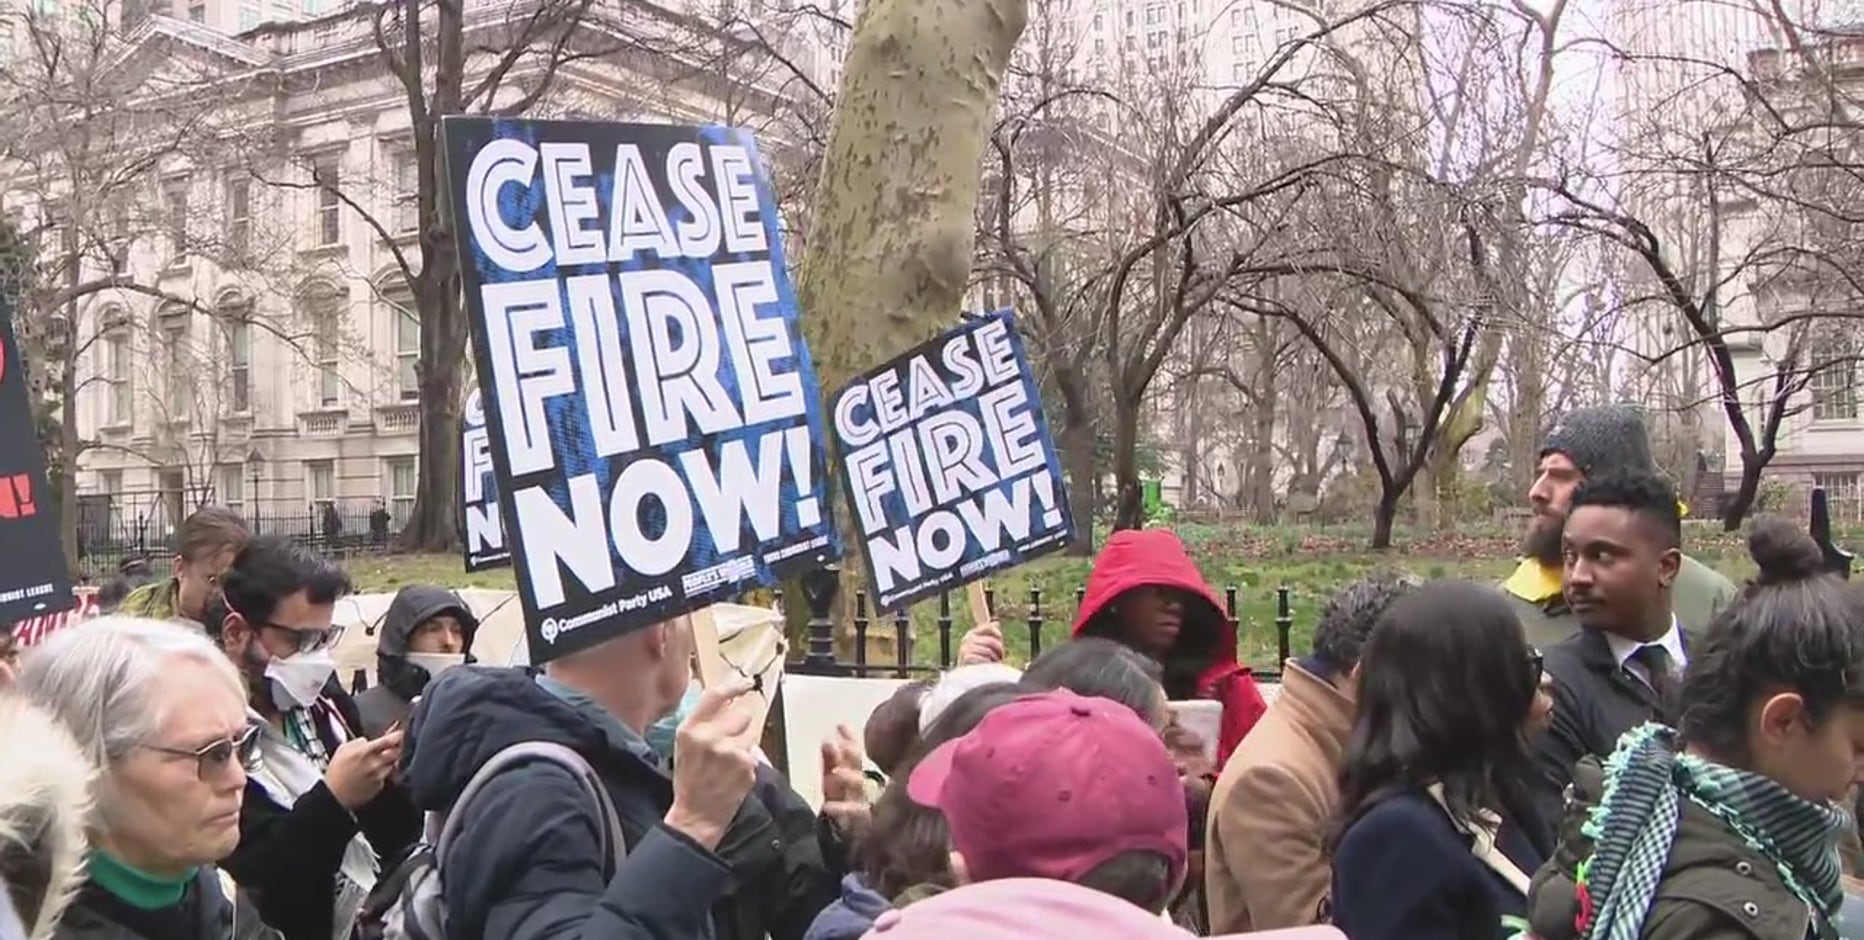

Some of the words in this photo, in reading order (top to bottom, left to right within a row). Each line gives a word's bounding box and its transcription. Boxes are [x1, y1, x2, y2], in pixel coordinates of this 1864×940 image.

[466, 138, 768, 272] CEASE
[481, 261, 806, 477] FIRE
[835, 318, 1021, 446] CEASE
[513, 425, 821, 610] NOW!
[845, 379, 1047, 536] FIRE
[868, 469, 1063, 593] NOW!
[559, 602, 618, 632] Communist
[618, 594, 647, 612] Party
[648, 585, 673, 602] USA
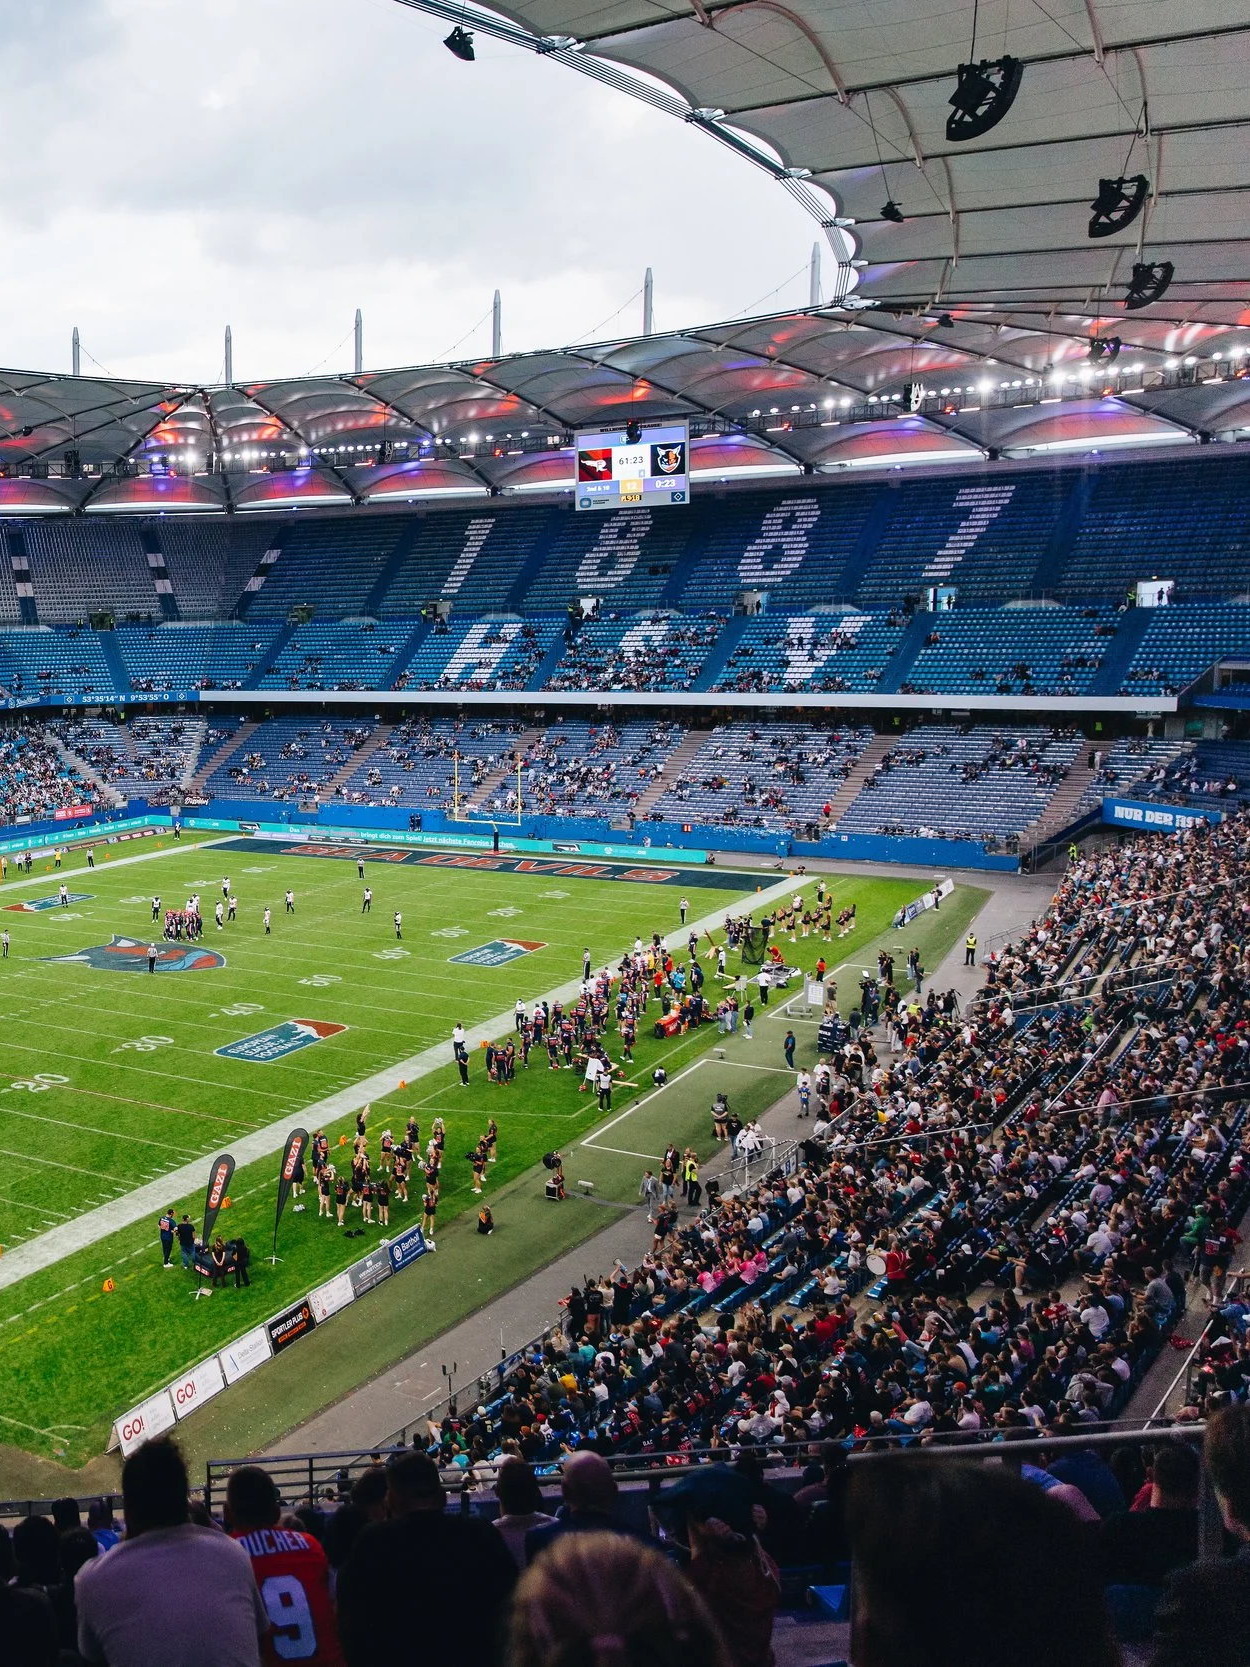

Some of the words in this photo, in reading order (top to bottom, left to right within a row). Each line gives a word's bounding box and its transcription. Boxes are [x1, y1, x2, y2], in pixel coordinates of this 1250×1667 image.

● DESCRIPTION OF THE TASK: When you give the entries again, keep them exact and omit any picture they contain.

● THE ANSWER:
Some of the words in this photo, in reading order (top to bottom, left to right within a row). Each line gives a word's bounding box and its transcription. Boxes are [x1, y1, x2, y2], in pixel coordinates of this 1864×940 image.

[466, 138, 768, 272] CEASE
[481, 261, 806, 477] FIRE
[835, 318, 1021, 446] CEASE
[513, 425, 821, 610] NOW!
[845, 379, 1047, 536] FIRE
[868, 469, 1063, 593] NOW!
[559, 602, 618, 632] Communist
[618, 594, 647, 612] Party
[648, 585, 673, 602] USA

Some of the words in this photo, in reading order (top to bottom, left to right within a row). Each line gives a word's bounding box and its transcription. Boxes are [x1, y1, x2, y2], in pixel coordinates of this 1250×1667 image.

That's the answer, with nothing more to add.